PROBLEM DESCRIPTION – Leave out the pictures and repeat the entries below verbatim.

[Text-to-region grounding data]

::::

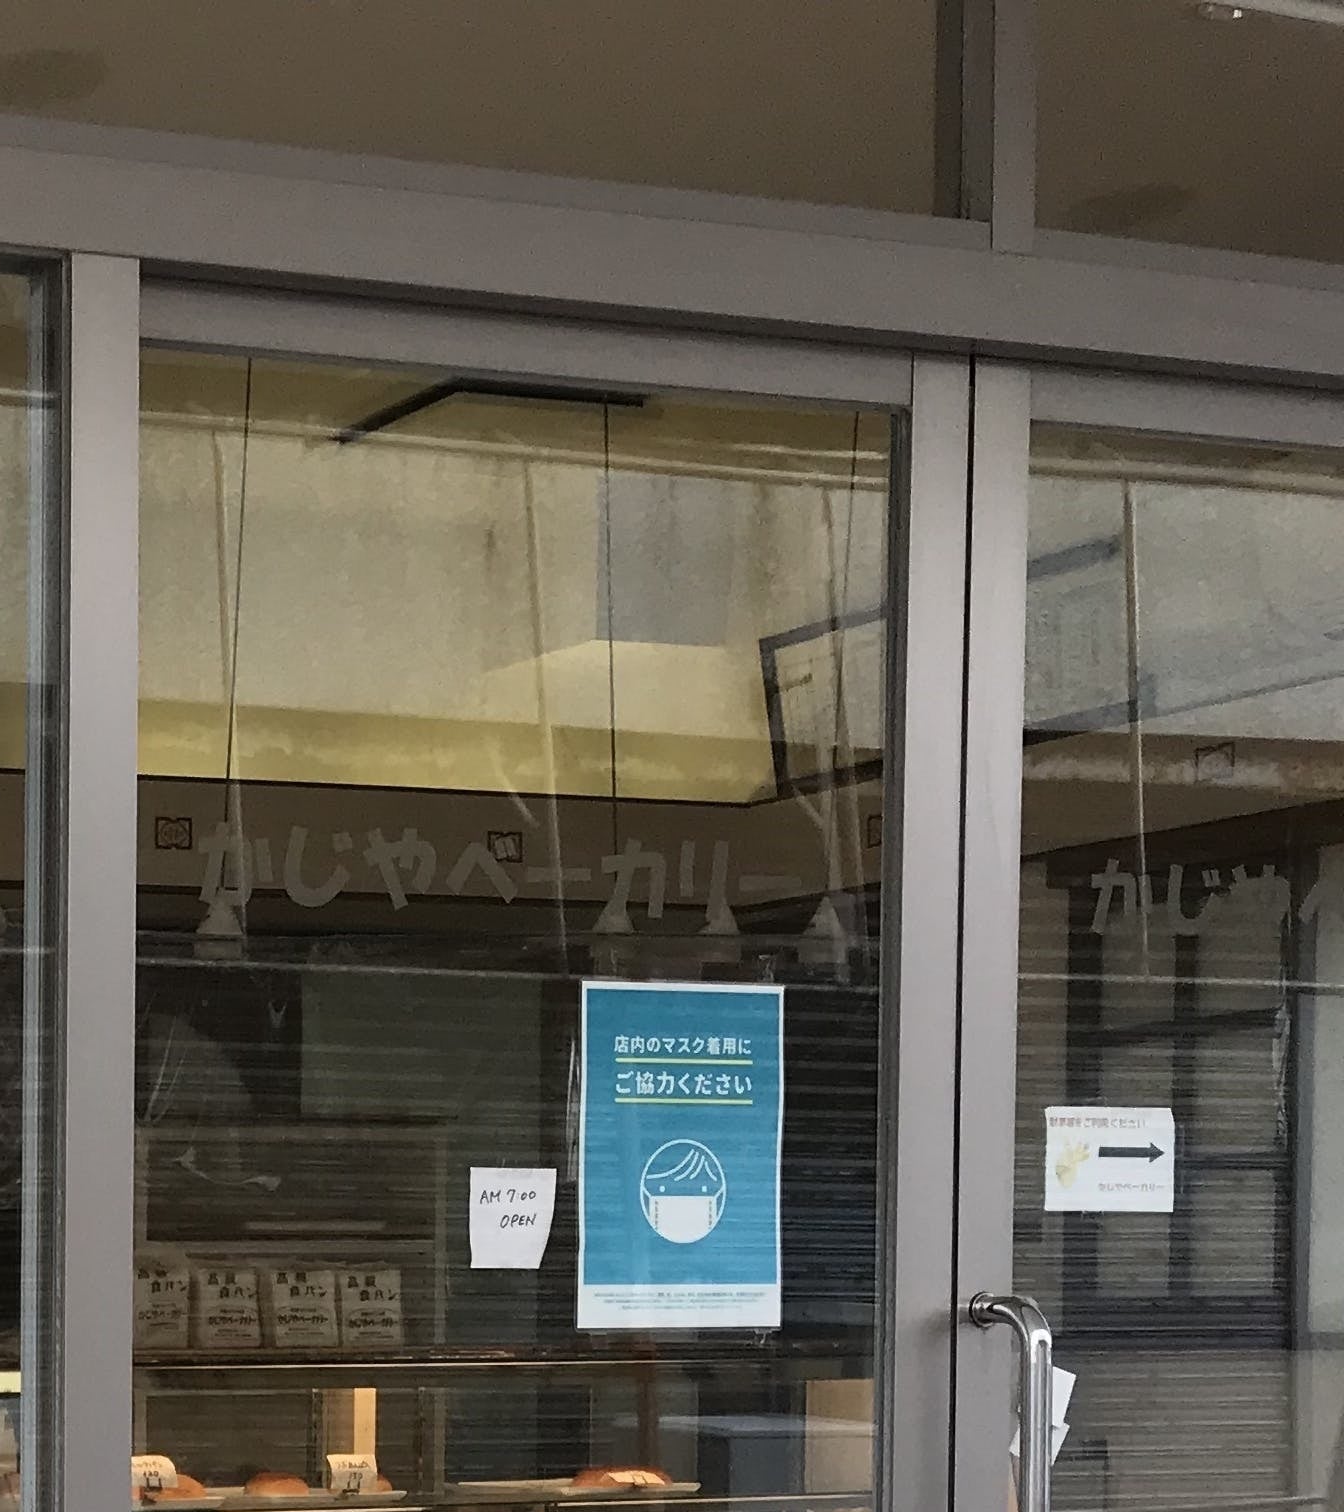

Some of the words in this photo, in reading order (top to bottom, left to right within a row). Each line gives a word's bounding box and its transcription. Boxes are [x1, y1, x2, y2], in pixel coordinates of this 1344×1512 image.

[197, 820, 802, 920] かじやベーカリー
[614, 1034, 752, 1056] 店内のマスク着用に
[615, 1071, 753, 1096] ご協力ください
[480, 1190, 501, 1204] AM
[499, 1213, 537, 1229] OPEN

::::

SOLUTION FOR THIS TASK –
Some of the words in this photo, in reading order (top to bottom, left to right within a row). Each line gives a word's bounding box and its transcription. Boxes are [x1, y1, x2, y2], in pixel coordinates of this 1344×1512 image.

[197, 820, 802, 920] かじやベーカリー
[614, 1034, 752, 1056] 店内のマスク着用に
[615, 1071, 753, 1096] ご協力ください
[480, 1190, 501, 1204] AM
[499, 1213, 537, 1229] OPEN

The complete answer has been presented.